O trabalho escravo no Brasil contemporâneo

Enviada em 20/09/2020

O trabalho escravo ainda é uma violação de direitos humanos que persiste no Brasil. A sua existência foi assumida pelo governo federal perante o país e a Organização Internacional do Trabalho (OIT) em 1995, o que fez com que se tornasse uma das primeiras nações do mundo a reconhecer oficialmente a escravidão contemporânea em seu território.

Daquele ano até 2016, mais de 50 mil trabalhadores foram liberados de situações análogas a de escravidão em atividades econômicas nas zonas rural e urbana. Mas o que é o trabalho escravo contemporâneo? O trabalho escravo não é somente uma violação trabalhista, tampouco se trata daquela escravidão dos períodos colonial e imperial do Brasil.

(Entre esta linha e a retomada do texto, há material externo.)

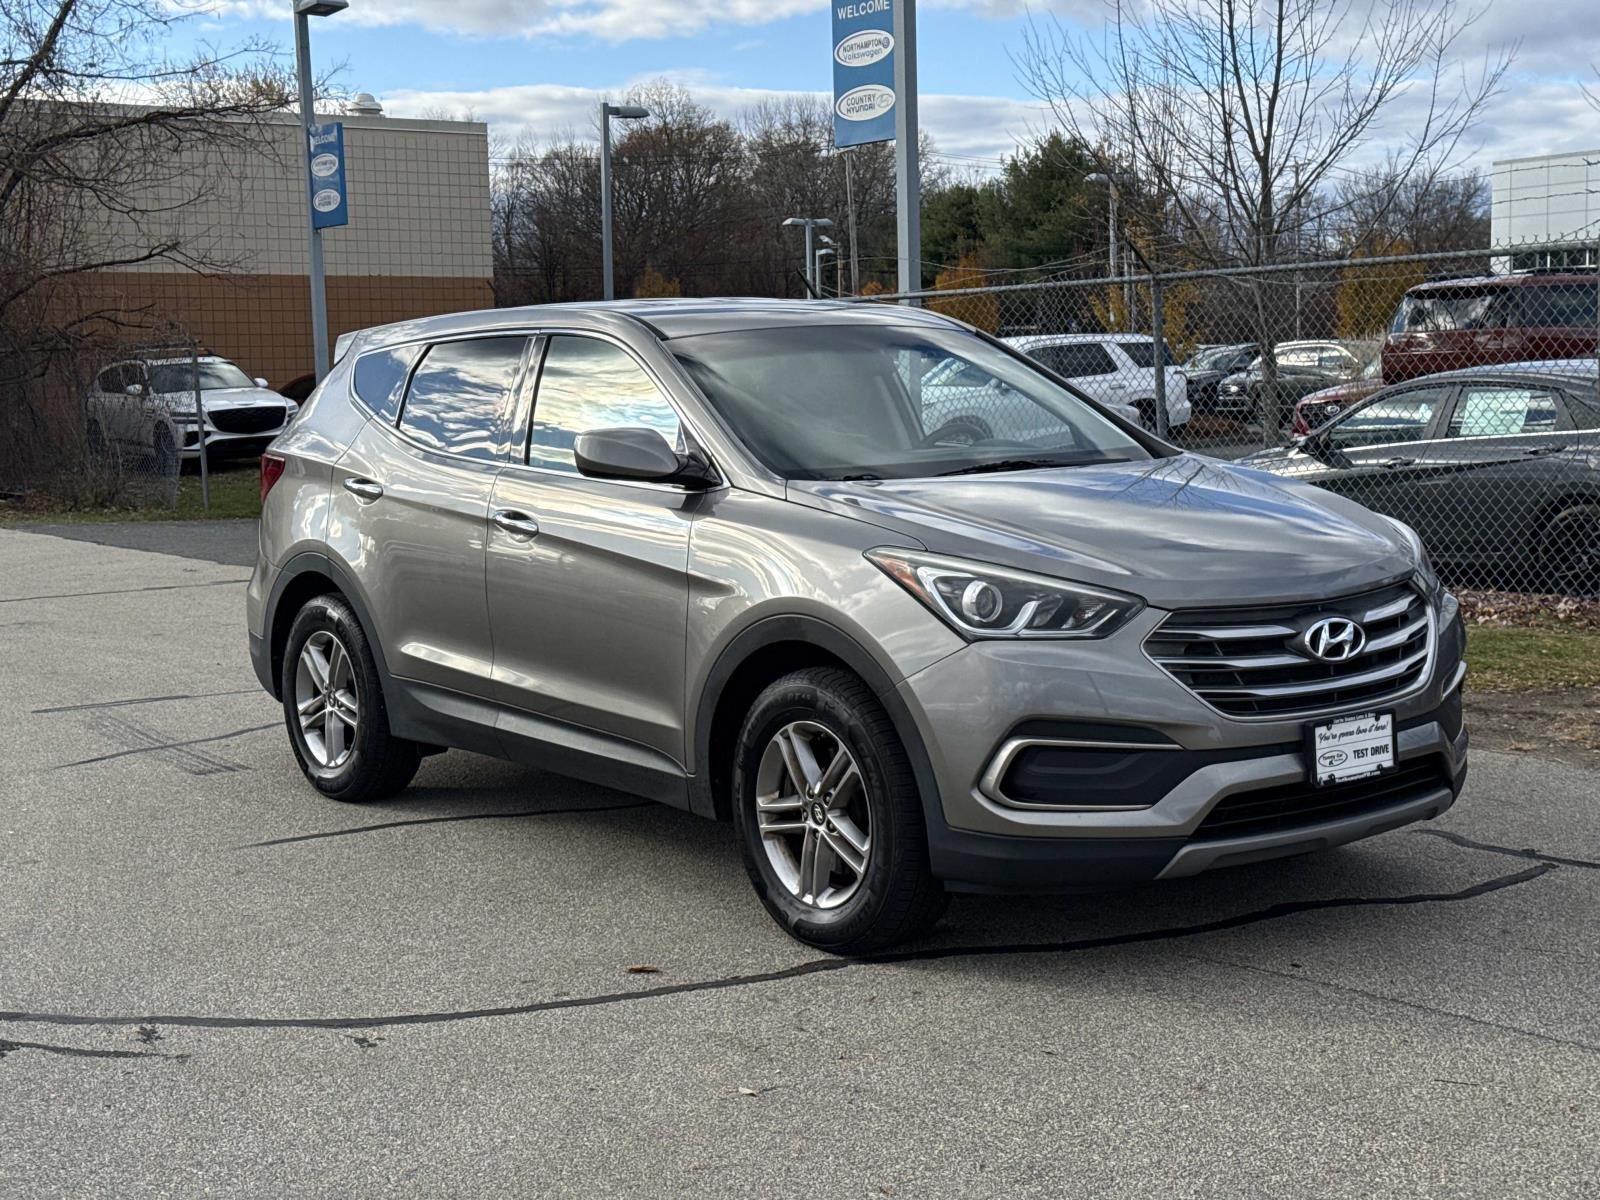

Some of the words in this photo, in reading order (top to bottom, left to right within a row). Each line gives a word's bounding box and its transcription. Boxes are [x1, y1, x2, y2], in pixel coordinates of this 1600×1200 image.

Essa violação de direitos humanos não prende mais o indivíduo a correntes, mas compreende outros mecanismos, que acometem a dignidade e a liberdade do trabalhador e o mantêm submisso a uma situação extrema de exploração.

Quem é o trabalhador escravo? Em geral, são migrantes que deixaram suas casas em busca de melhores condições de vida e de sustento para suas famílias. Saem de suas cidades atraídas por falsas promessas de aliciadores ou migram forçadamente por uma série de motivos, que pode incluir a falta de opção econômica, guerras e até perseguições políticas. No Brasil, os trabalhadores proveem de diversos estados das regiões Centro - Oeste, Nordeste e Norte, mas também podem ser migrantes internacionais de países latino-americanos como a Bolívia, Paraguai e Peru, africanos, além do Haiti e do Oriente Médio.

Tradicionalmente, o trabalho escravo é empregado em atividades econômicas na zona rural, como a pecuária, a produção de carvão e cultivos de cana-de-açúcar, soja e algodão. Nos últimos anos, essa situação tembém é verificada em centros urbanos, principalmente na construção civil e na confecção têxtil.